-  Encouraging signs of anti-tumor activity including objective responses observed in patients with SMARCA4-mutated non-small cell lung cancer (NSCLC) and esophageal cancer in early PRT3789 monotherapy dose escalation

-  At doses studied to date, PRT3789 was generally well-tolerated with no dose-limiting toxicities or study drug-related serious adverse events

Prelude Therapeutics Incorporated (Nasdaq: PRLD), a clinical-stage precision oncology company, announced the first interim clinical data from its ongoing Phase 1 open-label, dose-escalation trial of PRT3789, a first-in-class SMARCA2 degrader, highly selective for SMARCA2 and designed to treat cancer patients with a SMARCA4 mutation. The data were presented at the European Society for Medical Oncology (ESMO) Congress 2024 in Barcelona, Spain.

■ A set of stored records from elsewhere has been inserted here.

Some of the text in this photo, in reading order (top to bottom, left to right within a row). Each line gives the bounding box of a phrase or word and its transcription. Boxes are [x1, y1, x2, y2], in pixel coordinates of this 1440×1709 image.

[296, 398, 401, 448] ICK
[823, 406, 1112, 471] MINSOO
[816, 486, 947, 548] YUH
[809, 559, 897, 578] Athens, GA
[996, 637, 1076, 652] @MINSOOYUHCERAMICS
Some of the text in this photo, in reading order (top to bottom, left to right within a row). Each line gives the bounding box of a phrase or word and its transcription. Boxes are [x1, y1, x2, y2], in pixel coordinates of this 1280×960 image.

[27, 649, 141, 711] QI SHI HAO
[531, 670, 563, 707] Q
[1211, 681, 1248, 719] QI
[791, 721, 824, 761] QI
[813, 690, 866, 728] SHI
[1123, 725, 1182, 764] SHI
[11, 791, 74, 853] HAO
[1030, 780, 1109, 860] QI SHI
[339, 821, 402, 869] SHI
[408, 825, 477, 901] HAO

The study investigators reported that, as of the August 5, 2024 data cutoff date (the Cutoff Date), 65 patients were safety evaluable, enrolled and treated. This included 46 efficacy evaluable patients (with a post-baseline scan) with any tumor type harboring any SMARCA4 mutation.

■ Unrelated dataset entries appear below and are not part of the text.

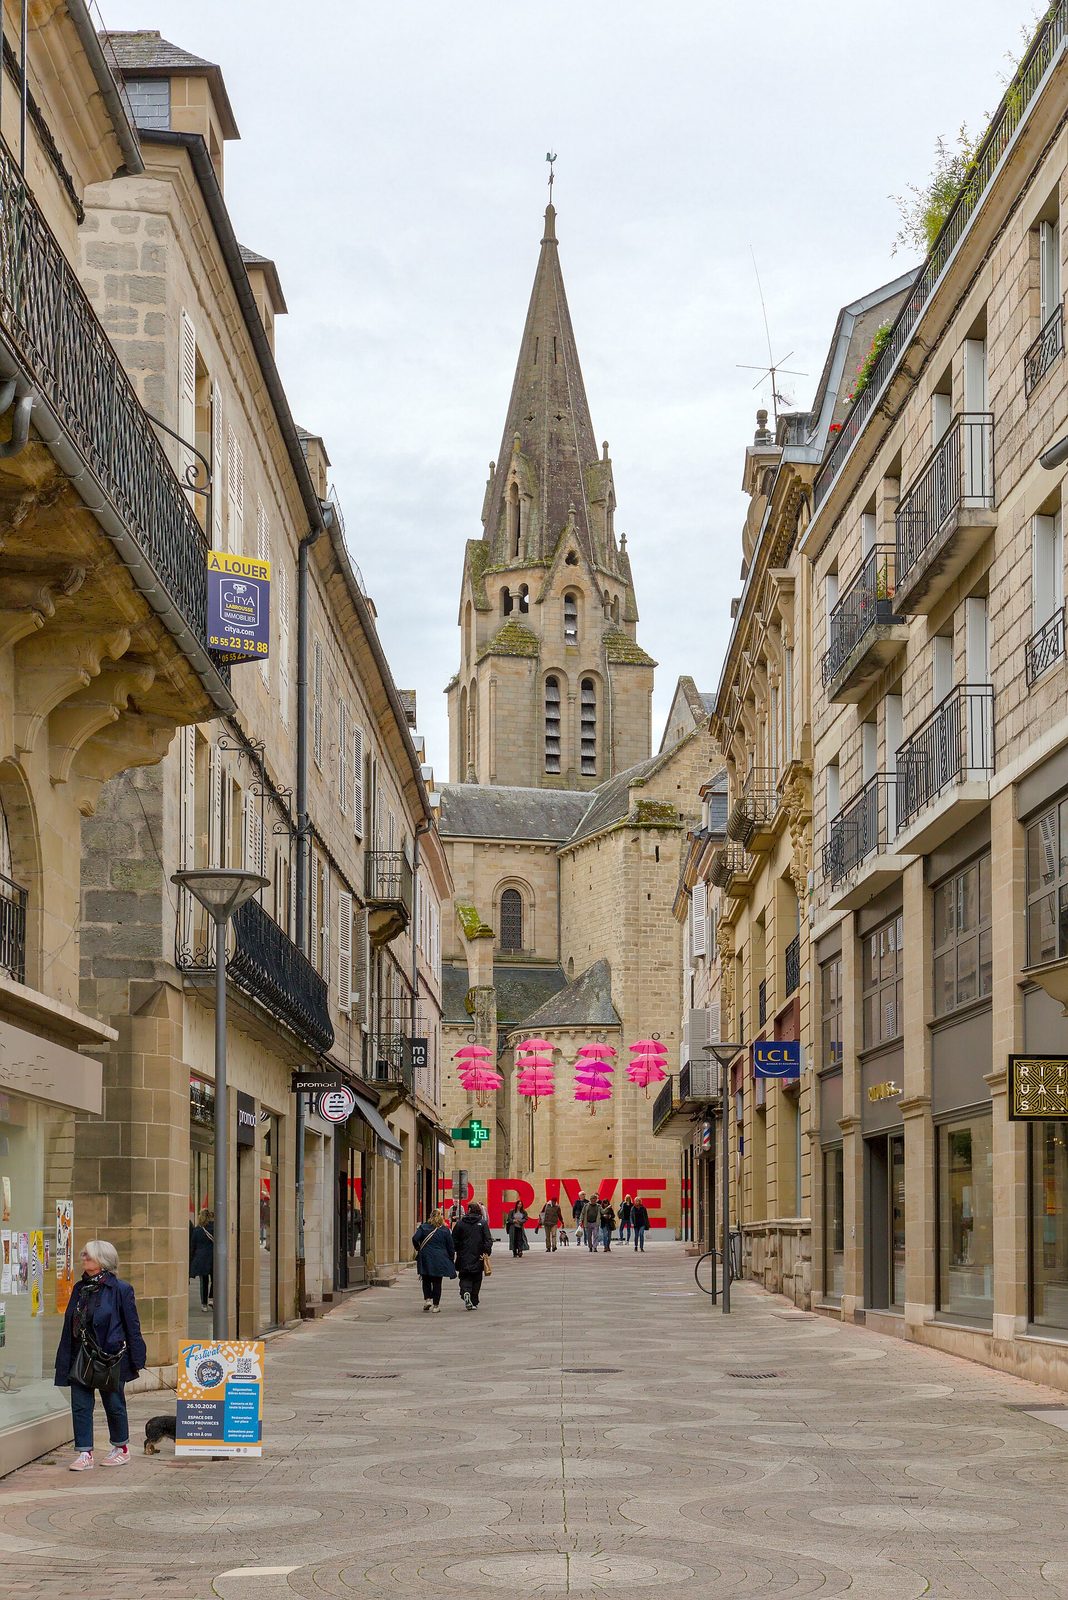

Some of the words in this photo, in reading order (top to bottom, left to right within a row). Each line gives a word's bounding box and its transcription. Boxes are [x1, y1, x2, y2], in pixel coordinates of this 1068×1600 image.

[210, 554, 220, 570] À
[225, 560, 267, 579] LOUER
[224, 611, 256, 623] IMMOBILIER
[224, 624, 254, 636] citya.com
[210, 636, 218, 644] 05
[220, 638, 228, 646] 55
[230, 637, 241, 648] 23
[244, 639, 254, 651] 32
[257, 642, 268, 653] 88
[758, 1050, 795, 1062] LCL
[182, 1344, 221, 1368] Festival
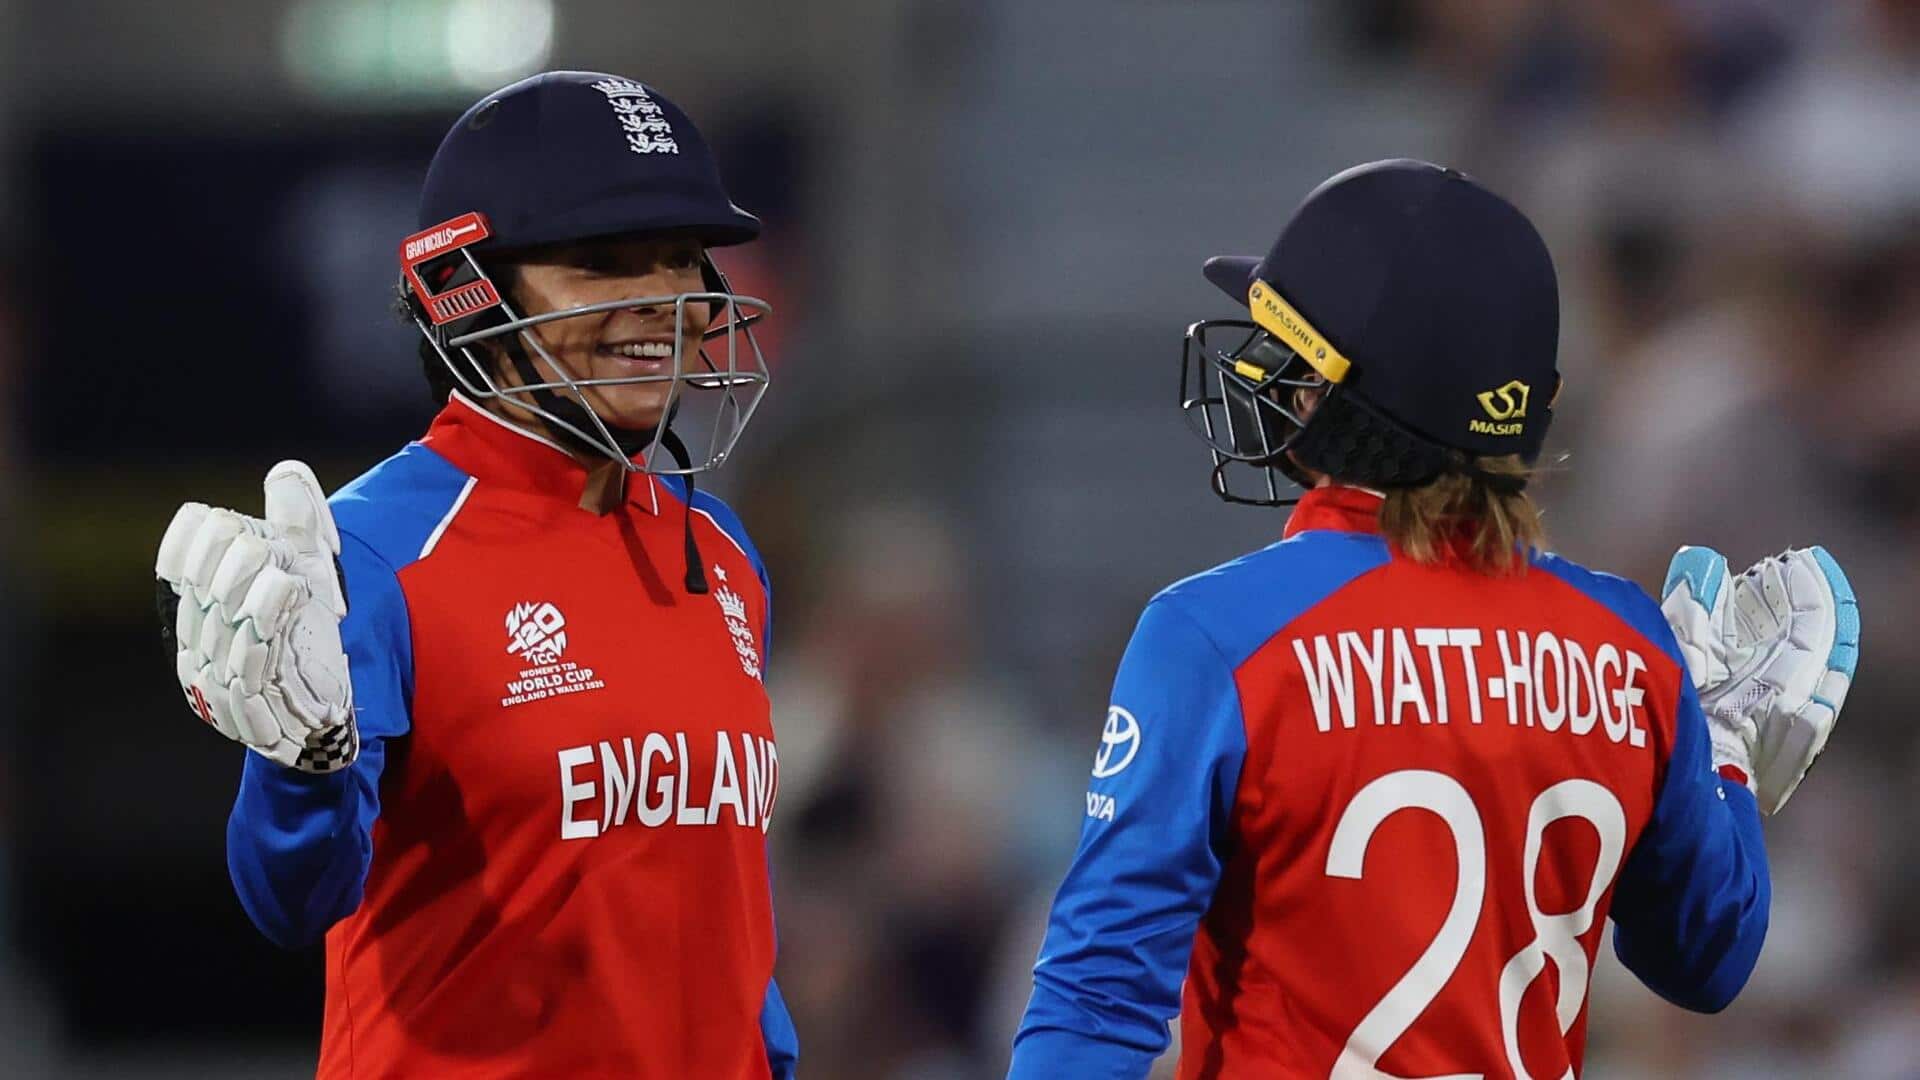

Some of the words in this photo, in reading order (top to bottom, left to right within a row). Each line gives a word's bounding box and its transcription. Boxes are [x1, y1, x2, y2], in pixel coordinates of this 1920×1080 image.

[1265, 299, 1313, 348] MASURI
[520, 665, 561, 678] WOMEN'S
[561, 662, 577, 671] T20
[533, 652, 557, 666] ICC
[502, 690, 547, 707] ENGLAND
[556, 682, 585, 695] WALES
[507, 674, 563, 695] WORLD
[565, 668, 593, 684] CUP
[1292, 628, 1648, 748] WYATT-HODGE
[558, 731, 779, 840] ENGLAND
[1325, 769, 1626, 1080] 28

As reported today by the study investigators, PRT3789 was generally well-tolerated through 8 dosing cohorts. Dose escalation continues, now in the 9^th dosing cohort. The majority of adverse events reported by investigators have been mild to moderate. A maximum tolerated dose has not yet been identified.

Overall, of the 26 advanced, heavily pre-treated NSCLC or esophageal patients evaluable for efficacy, 7 had tumor shrinkage. RECIST confirmed partial responses (PRs) were observed in 3 patients. Additional patients demonstrated clinical benefit as measured by prolonged stable disease (SD) including one patient on treatment for more than 1 year.

“For cancer patients harboring a SMARCA4 mutation, the disease is particularly aggressive and prognosis with current standard of care is quite poor,” stated Robin Guo, M.D., Memorial Sloan Kettering Cancer Center. “The observation of durable stable disease and tumor regressions in Phase I monotherapy dose escalation, coupled with a tolerable emerging safety profile, is encouraging. This is what we hope to see with a first-in-class new therapy for a novel target in patients with a high unmet need.”

“We are encouraged by the early clinical activity and emerging safety profile observed to date with PRT3789,” stated Jane Huang, M.D., President and Chief Medical Officer of Prelude. “These data represent initial proof of concept that selective SMARCA2 degradation can yield antitumor activity in certain SMARCA4 mutated cancers.”

Continued Dr. Huang, “Monotherapy dose escalation continues, now at cohort 9 (500mg once weekly) with backfill cohorts continuing to enroll enriched for NSCLC and esophageal cancer patients with Class 1 mutations. We intend to confirm the biologically active dose for PRT3789 as monotherapy by year-end and continue to advance monotherapy and docetaxel combination studies in parallel to best position PRT3789 as a new treatment option for patients suffering from this aggressive type of cancer.”